Image-backed grounding data
+ + + + + + +

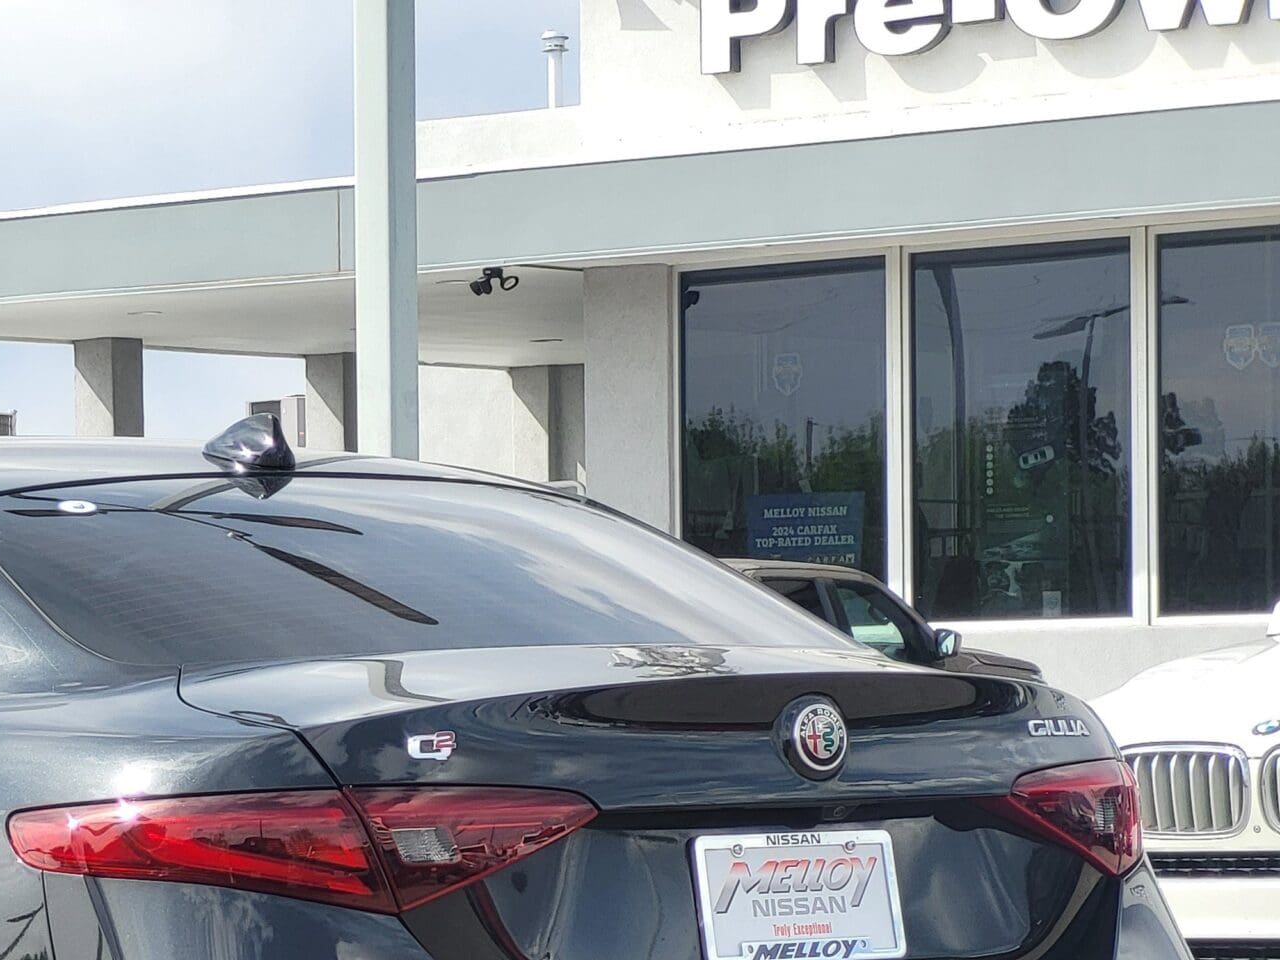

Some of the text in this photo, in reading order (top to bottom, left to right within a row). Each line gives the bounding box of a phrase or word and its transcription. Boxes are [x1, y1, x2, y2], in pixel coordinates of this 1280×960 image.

[701, 0, 1280, 74] Pre-
[763, 506, 848, 518] MELLOY NISSAN
[772, 524, 838, 536] 2024 CARFAX
[755, 534, 855, 548] TOP-RATED DEALER
[1027, 719, 1091, 736] GIULIA
[766, 834, 821, 846] NISSAN
[715, 857, 877, 915] MELLOY
[752, 895, 846, 918] NISSAN
[773, 922, 833, 937] Truly Exceptional
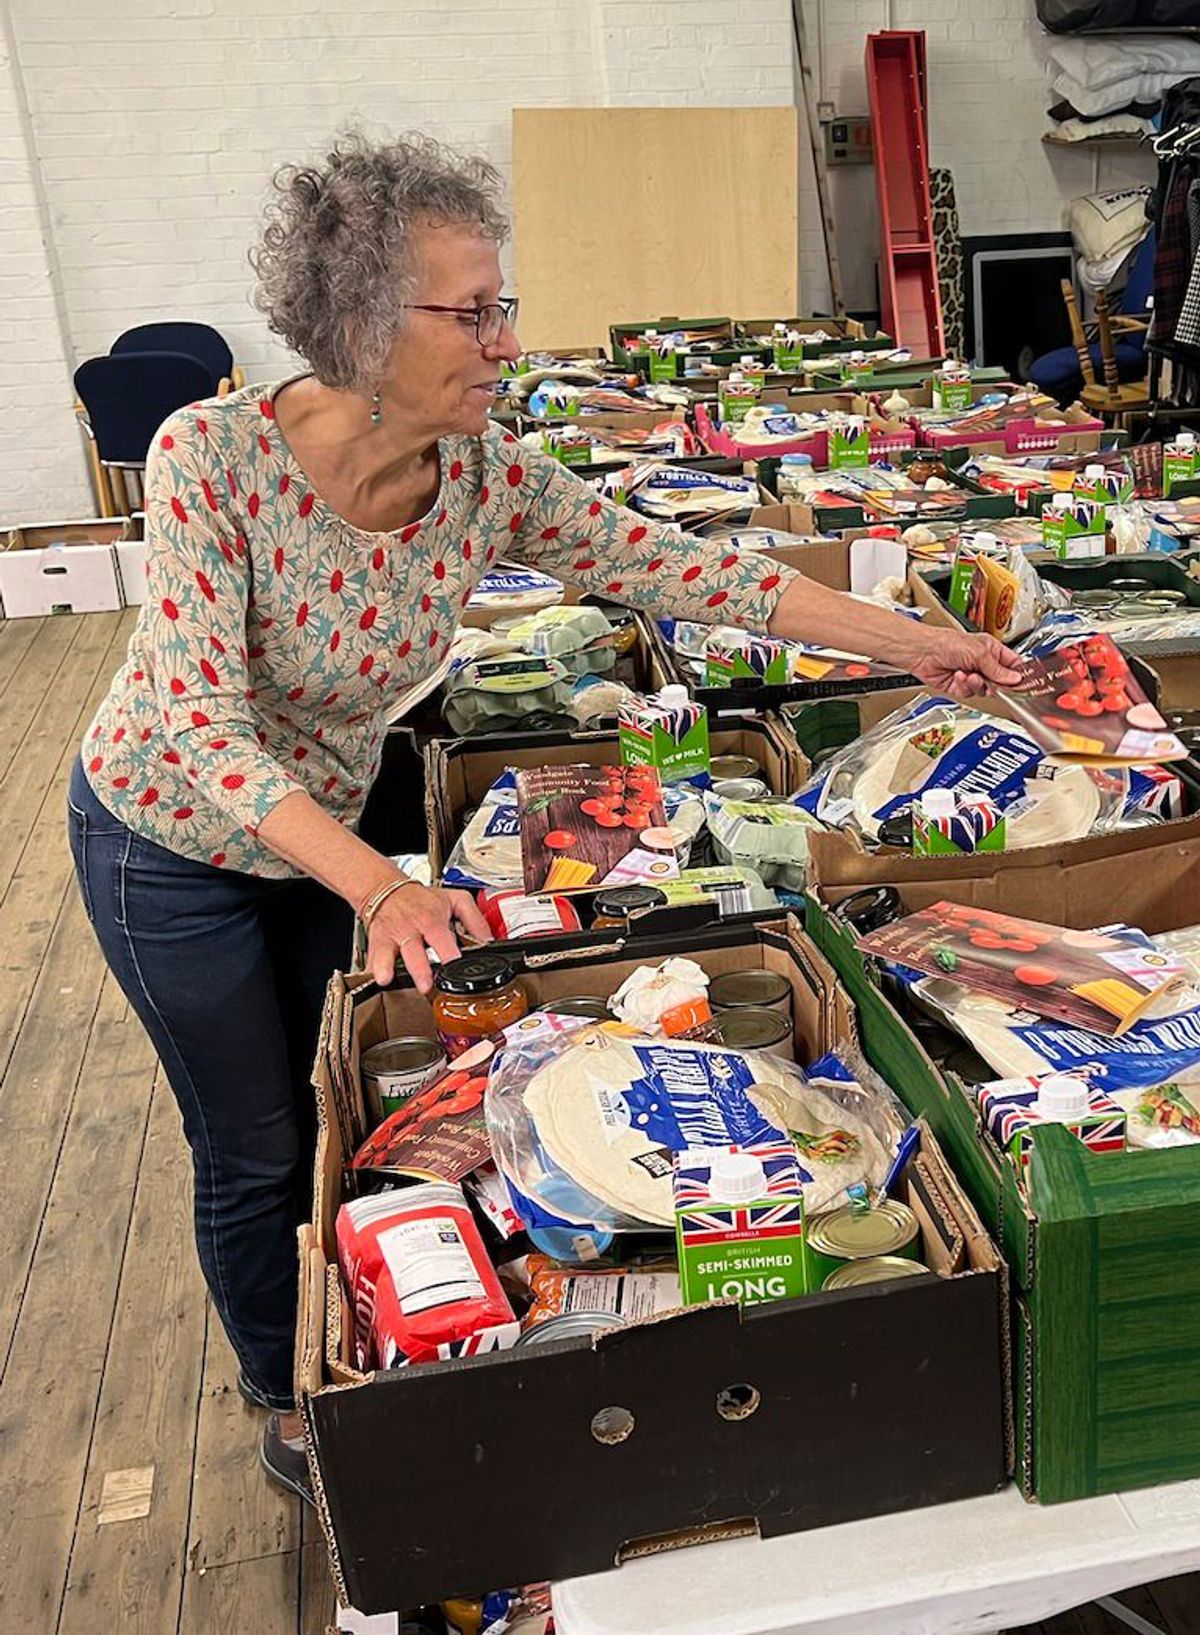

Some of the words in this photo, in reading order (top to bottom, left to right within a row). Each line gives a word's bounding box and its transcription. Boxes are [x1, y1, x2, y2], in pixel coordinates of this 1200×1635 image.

[659, 472, 708, 482] TORTILLA
[683, 748, 705, 759] MILK
[1008, 738, 1040, 756] 8
[1023, 1031, 1062, 1060] 8
[726, 1247, 761, 1257] BRITISH
[696, 1254, 793, 1275] SEMI-SKIMMED
[707, 1276, 787, 1300] LONG
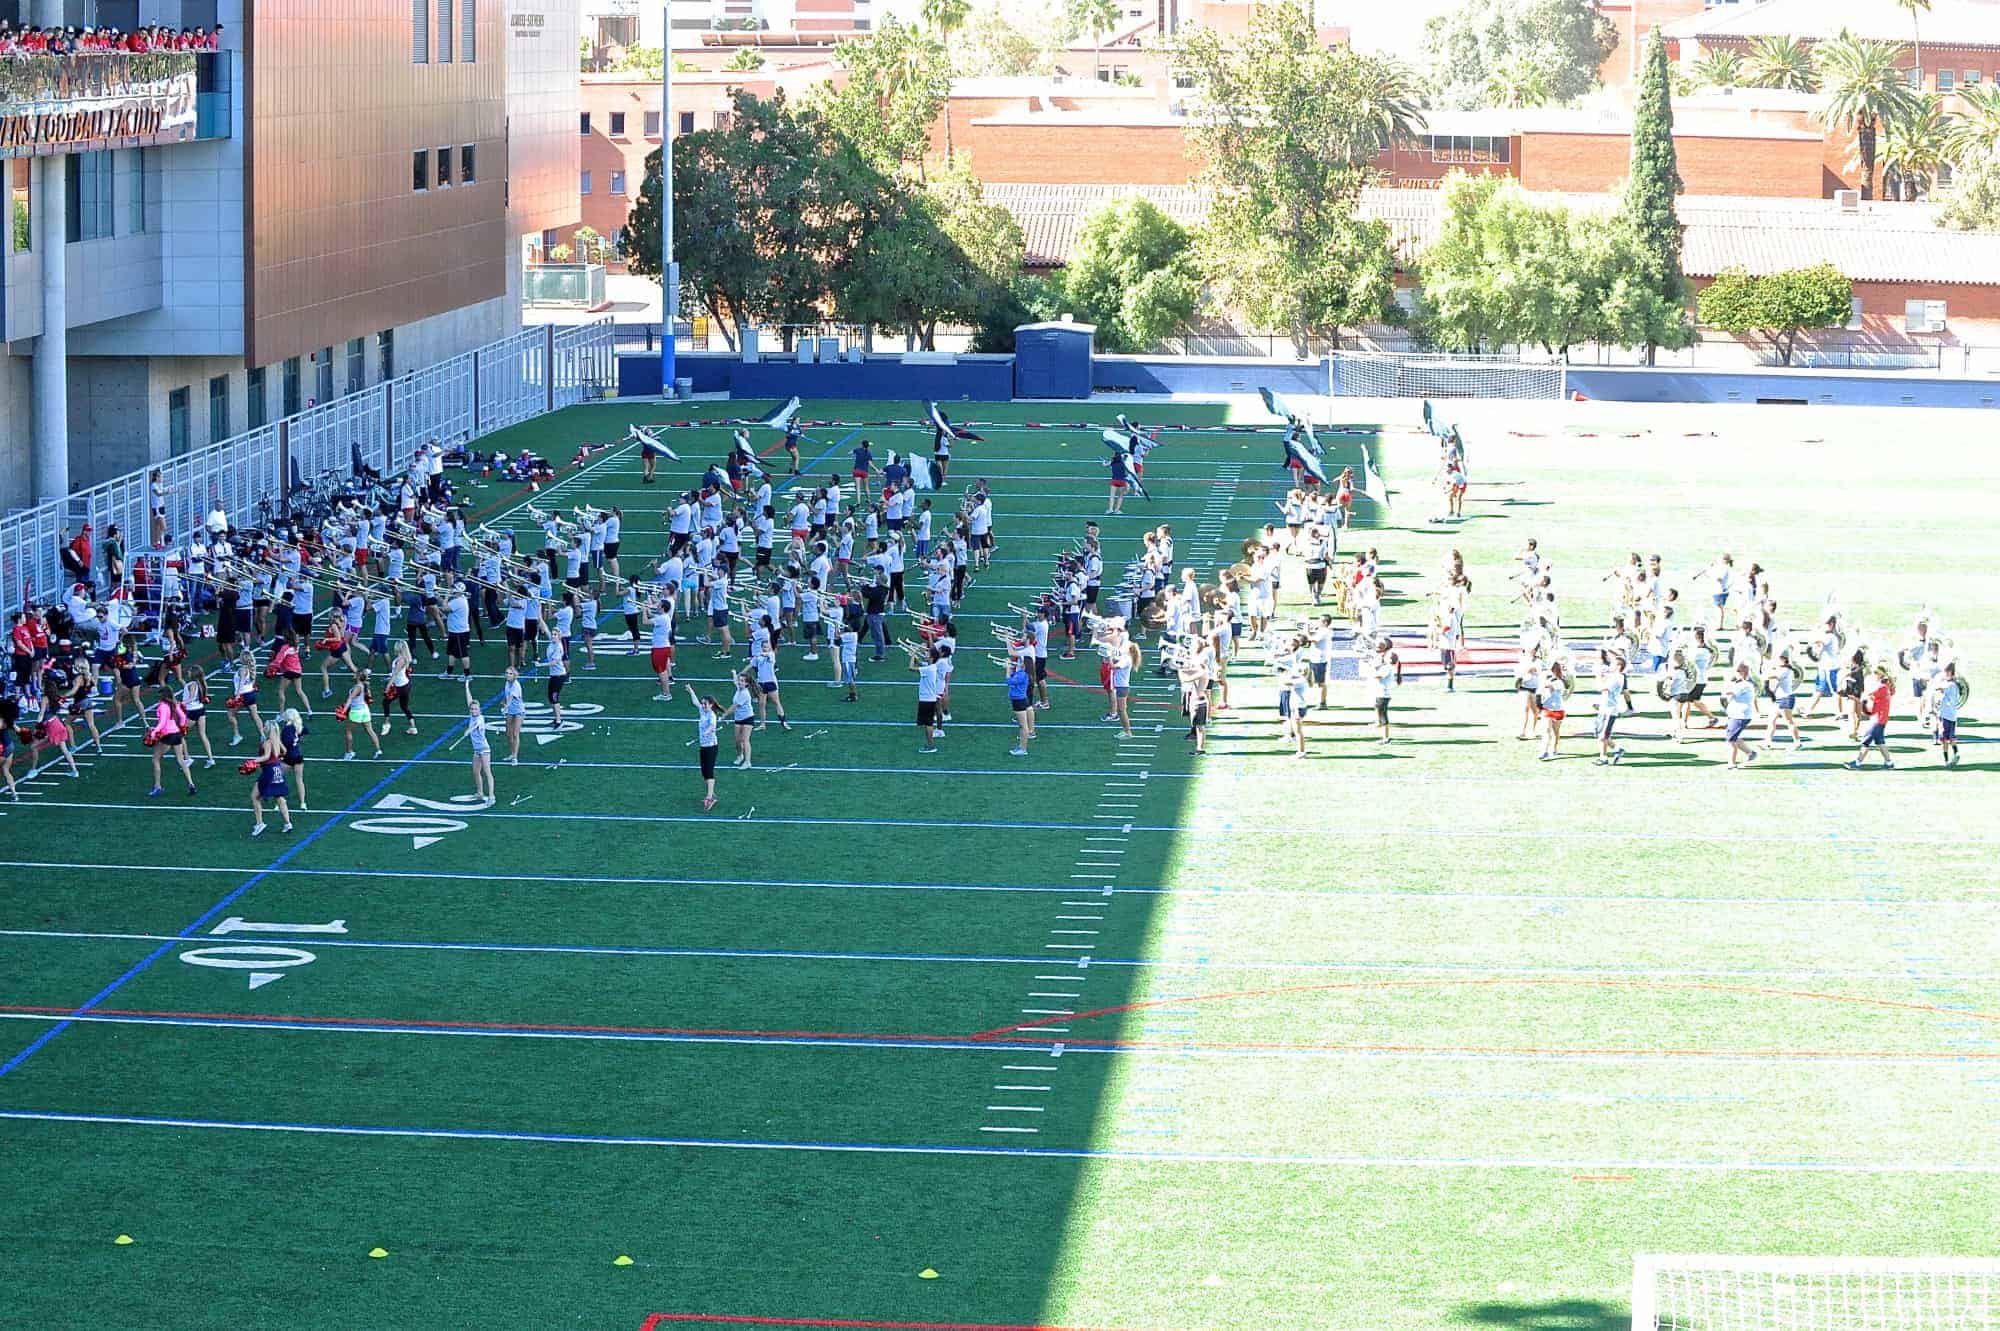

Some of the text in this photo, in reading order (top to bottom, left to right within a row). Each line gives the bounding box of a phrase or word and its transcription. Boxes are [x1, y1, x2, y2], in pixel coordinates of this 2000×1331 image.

[34, 109, 107, 143] FOOTBALL
[107, 104, 166, 137] FACILITY
[349, 794, 496, 834] 20
[178, 916, 350, 969] 10

+ + + + + + +

» WHAT TO WORK ON
Transcribe every line from the records above without alteration, and leave out the images.

» FINISHED EXERCISE
Some of the text in this photo, in reading order (top to bottom, left to right within a row). Each line gives the bounding box of a phrase or word and its transcription. Boxes are [x1, y1, x2, y2], in pixel coordinates of this 1280×960 image.

[701, 0, 1280, 74] Pre-
[763, 506, 848, 518] MELLOY NISSAN
[772, 524, 838, 536] 2024 CARFAX
[755, 534, 855, 548] TOP-RATED DEALER
[1027, 719, 1091, 736] GIULIA
[766, 834, 821, 846] NISSAN
[715, 857, 877, 915] MELLOY
[752, 895, 846, 918] NISSAN
[773, 922, 833, 937] Truly Exceptional

Some of the words in this photo, in reading order (top to bottom, left to right within a row). Each line gives a word's bounding box and its transcription. Boxes are [x1, y1, x2, y2], in pixel coordinates of this 1200×1635 image.

[659, 472, 708, 482] TORTILLA
[683, 748, 705, 759] MILK
[1008, 738, 1040, 756] 8
[1023, 1031, 1062, 1060] 8
[726, 1247, 761, 1257] BRITISH
[696, 1254, 793, 1275] SEMI-SKIMMED
[707, 1276, 787, 1300] LONG

Some of the text in this photo, in reading order (top to bottom, left to right within a row). Each line gives the bounding box of a phrase or word and its transcription. Boxes are [x1, y1, x2, y2], in pixel coordinates of this 2000×1331 image.

[34, 109, 107, 143] FOOTBALL
[107, 104, 166, 137] FACILITY
[349, 794, 496, 834] 20
[178, 916, 350, 969] 10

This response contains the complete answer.